* WHAT THE EXERCISE ASKS: Would you print out all of the data exactly and keep the pictures out of it?

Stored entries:
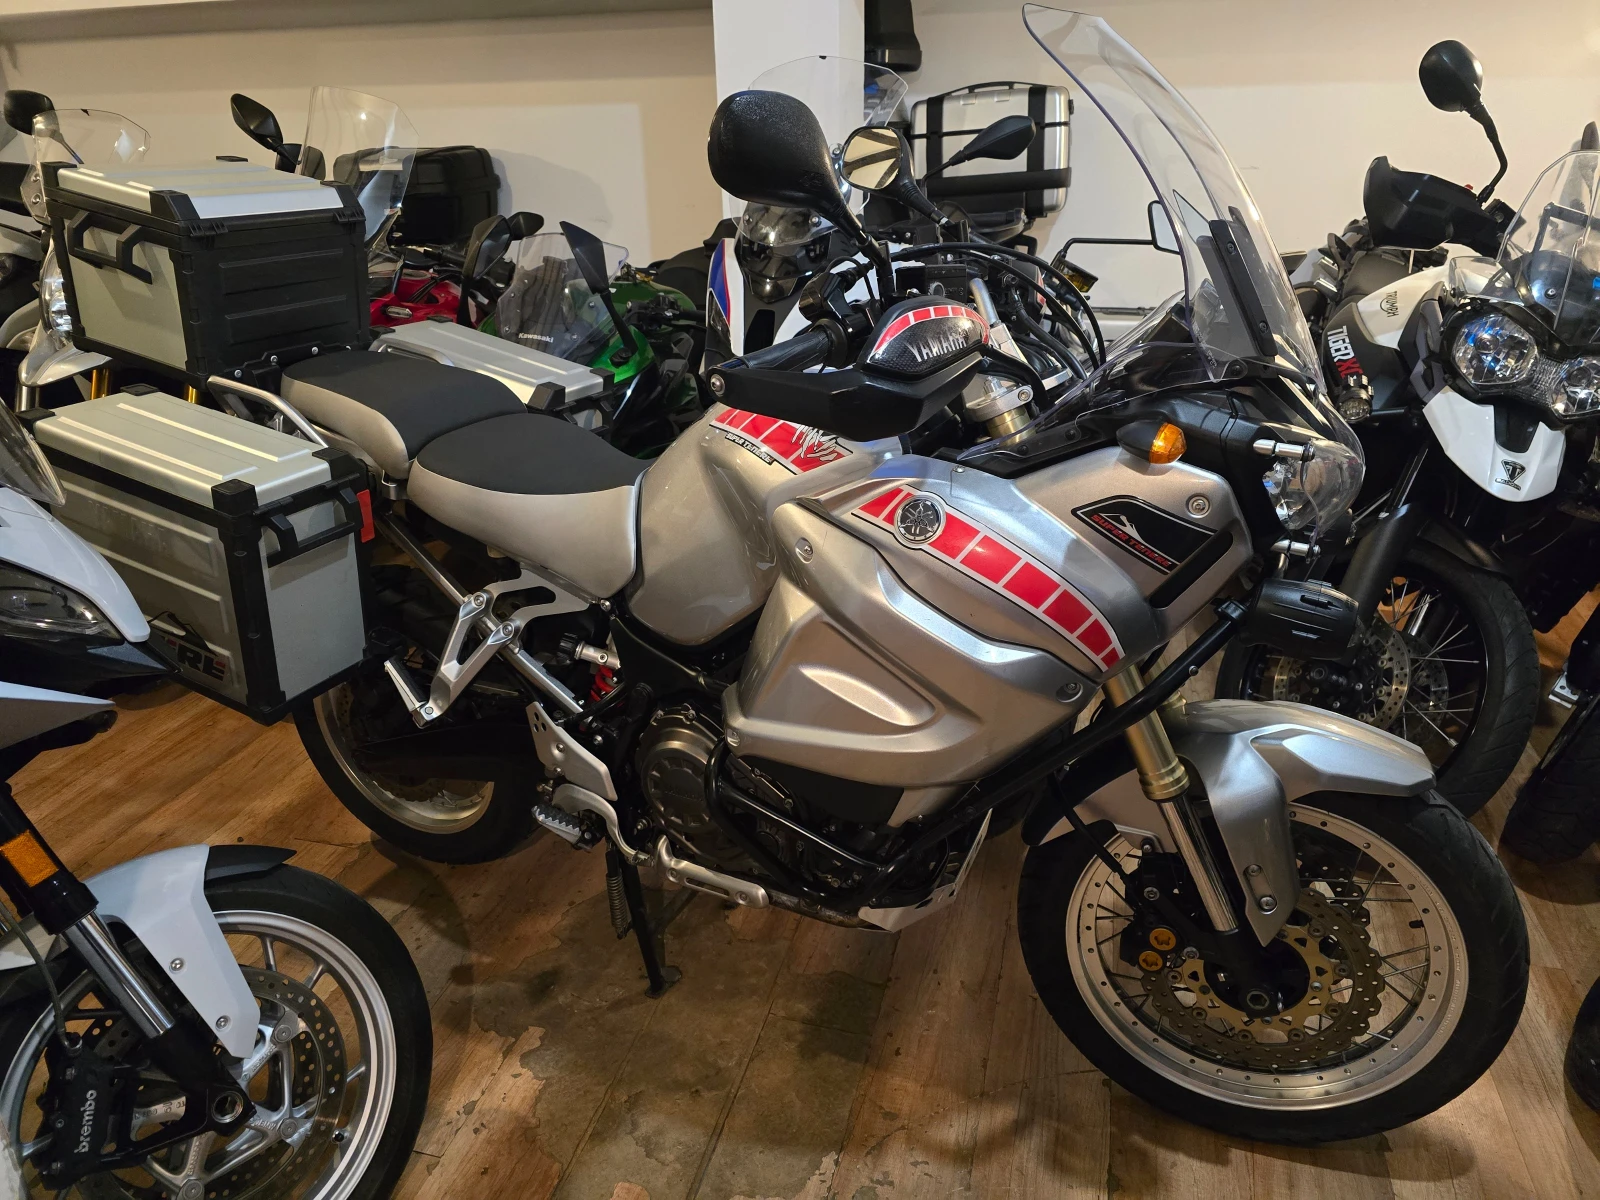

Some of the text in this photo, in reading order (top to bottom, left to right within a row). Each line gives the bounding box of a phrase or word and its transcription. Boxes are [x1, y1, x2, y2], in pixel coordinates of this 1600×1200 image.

[1385, 290, 1399, 318] TRIUMPH
[518, 332, 554, 343] Kawasaki
[903, 333, 967, 363] YAMAHA
[1327, 325, 1355, 363] TIGER
[725, 431, 744, 447] SUPER
[1090, 514, 1130, 541] SUPER
[74, 1089, 97, 1153] brembo
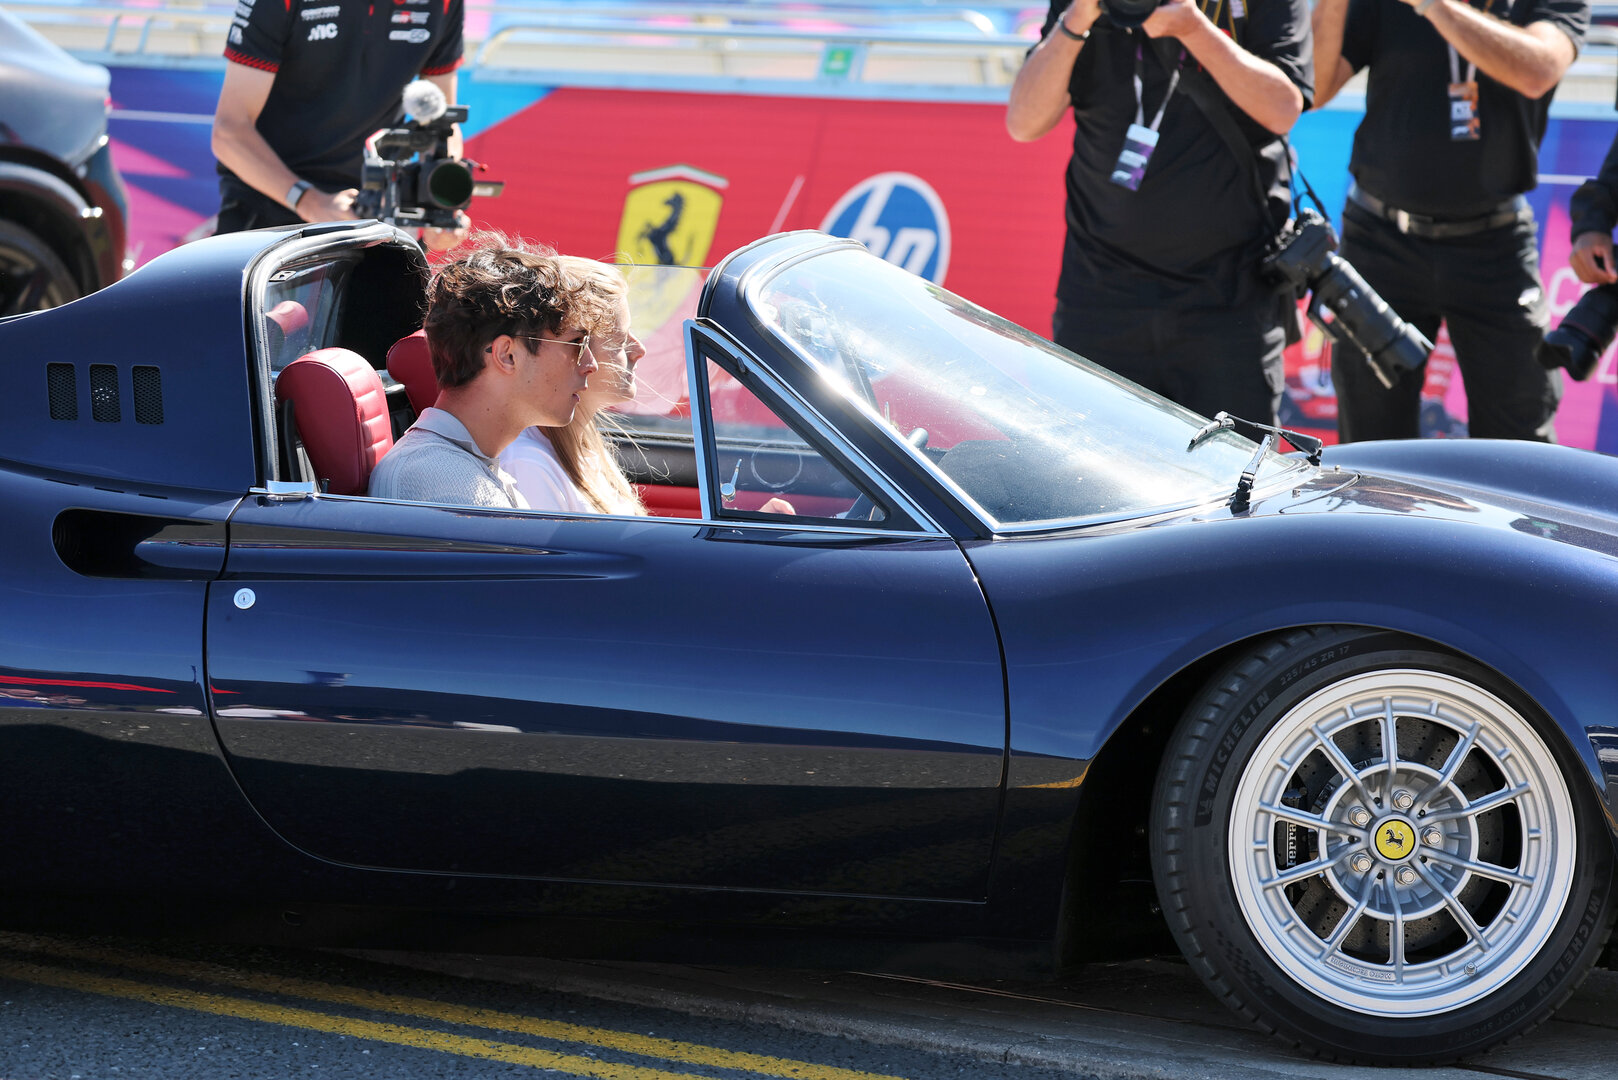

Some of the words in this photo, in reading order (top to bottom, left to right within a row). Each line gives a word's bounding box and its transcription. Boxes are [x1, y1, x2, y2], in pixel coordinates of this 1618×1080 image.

[1280, 658, 1317, 686] 225/45
[1320, 650, 1335, 662] ZR
[1339, 645, 1350, 655] 17
[1204, 691, 1270, 793] MICHELIN
[1536, 894, 1600, 996] MICHELIN
[1458, 1021, 1493, 1040] SPORT
[1495, 1001, 1526, 1026] PILOT
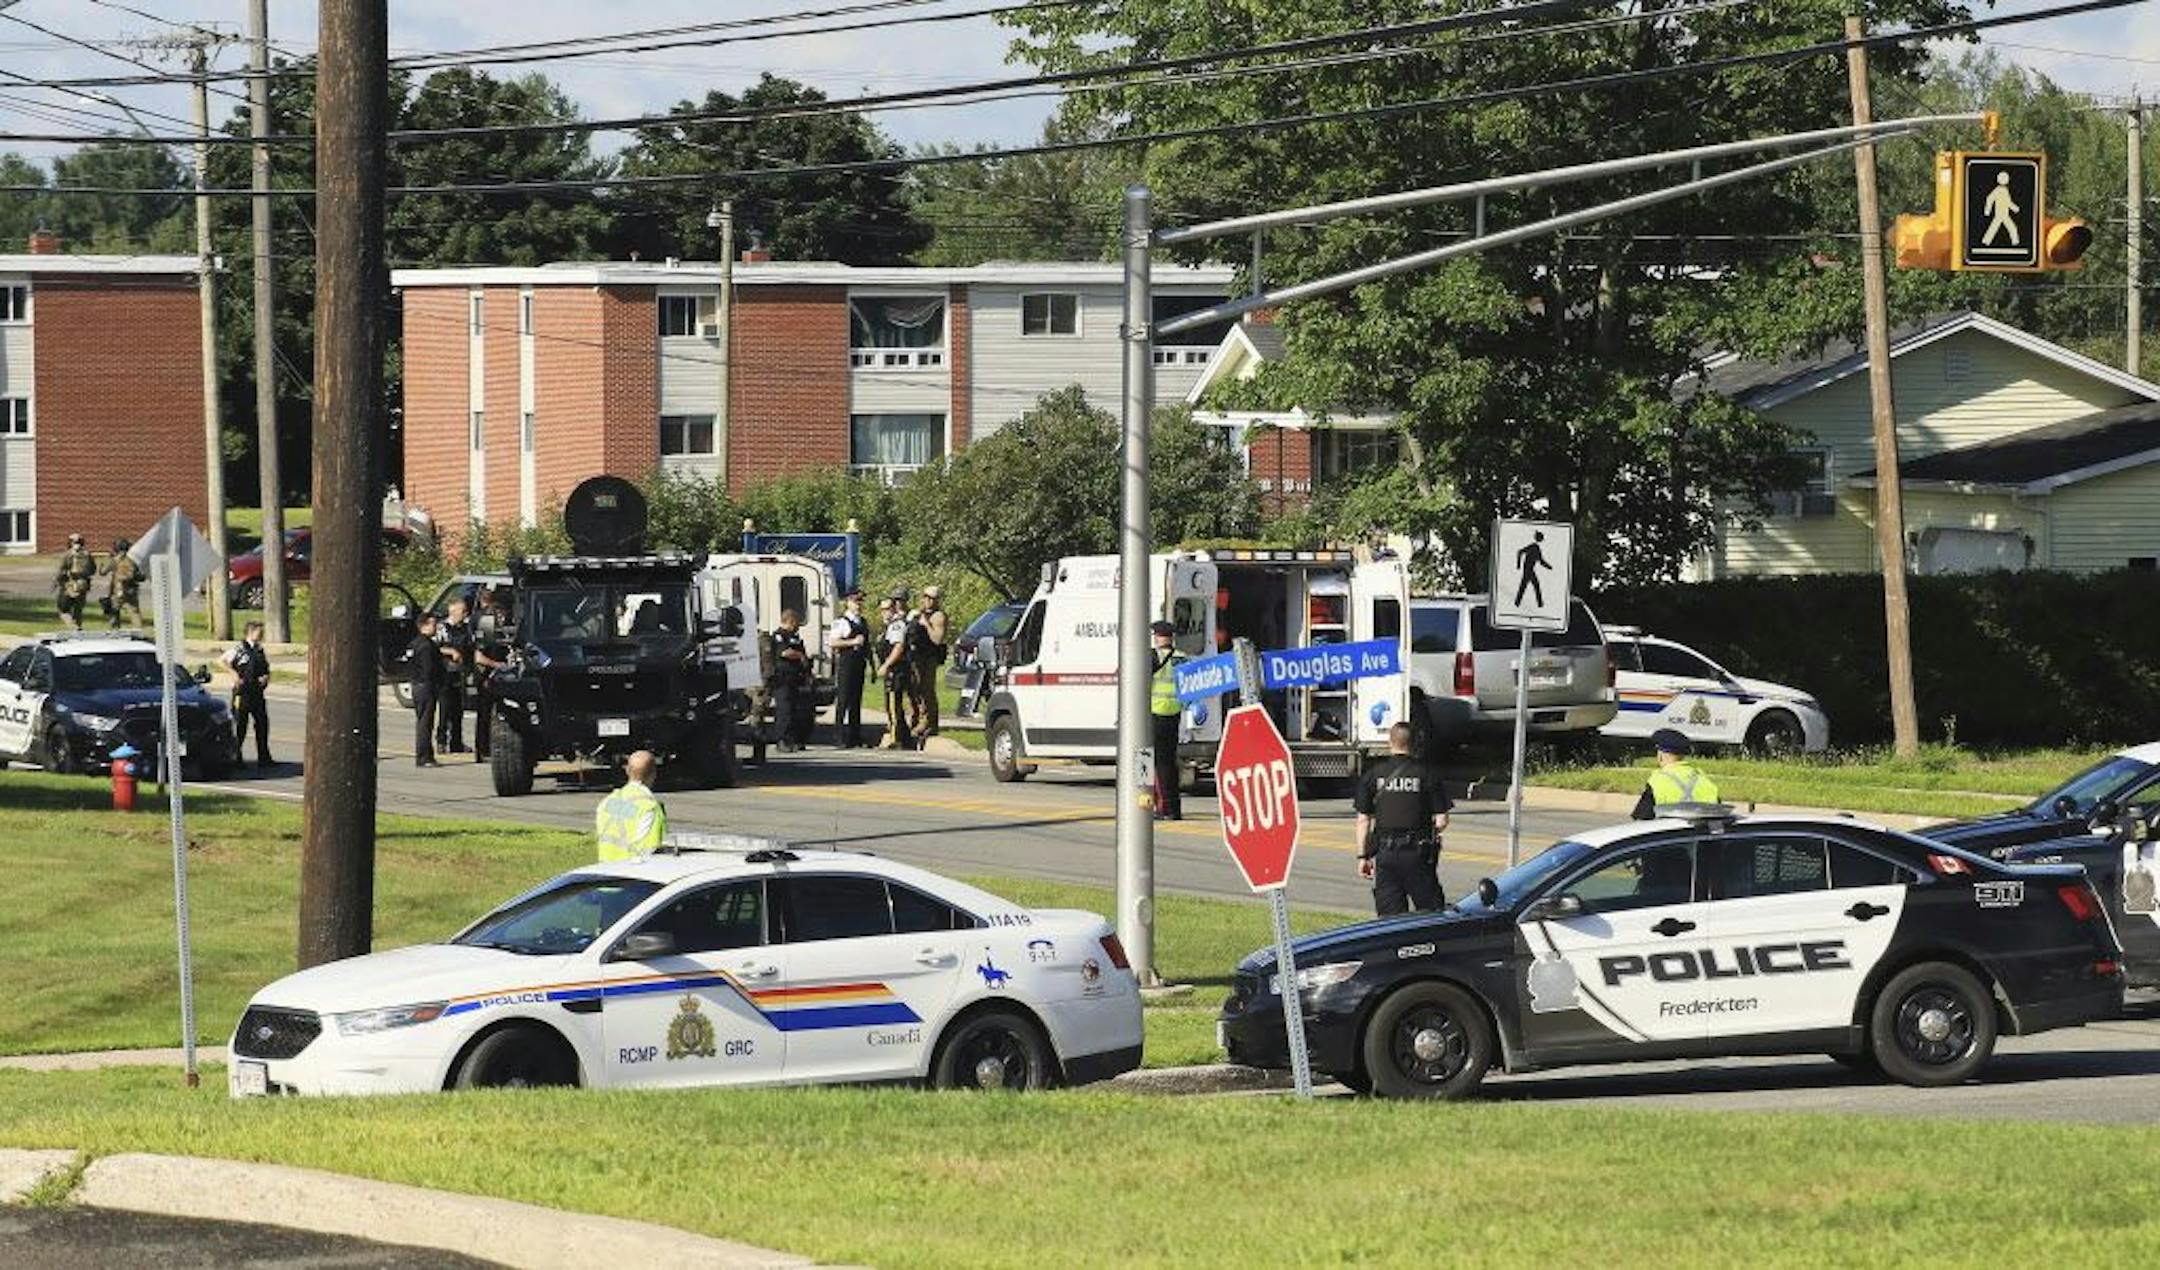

* ANSWER AREA:
Some of the text in this photo, in reading order (top to bottom, left to right within a row). Each line gives the bounding box of a phrase or word and its transcription. Boxes are [x1, y1, x2, y2], in pixel coordinates of this 1600×1200 image.

[1385, 290, 1399, 318] TRIUMPH
[518, 332, 554, 343] Kawasaki
[903, 333, 967, 363] YAMAHA
[1327, 325, 1355, 363] TIGER
[725, 431, 744, 447] SUPER
[1090, 514, 1130, 541] SUPER
[74, 1089, 97, 1153] brembo

Some of the words in this photo, in reading order (top to bottom, left to right within a row). Each line gives a word's bounding box and its transcription. Boxes are [x1, y1, x2, y2], in pixel coordinates of this 1618×1080 image.

[1280, 658, 1317, 686] 225/45
[1320, 650, 1335, 662] ZR
[1339, 645, 1350, 655] 17
[1204, 691, 1270, 793] MICHELIN
[1536, 894, 1600, 996] MICHELIN
[1458, 1021, 1493, 1040] SPORT
[1495, 1001, 1526, 1026] PILOT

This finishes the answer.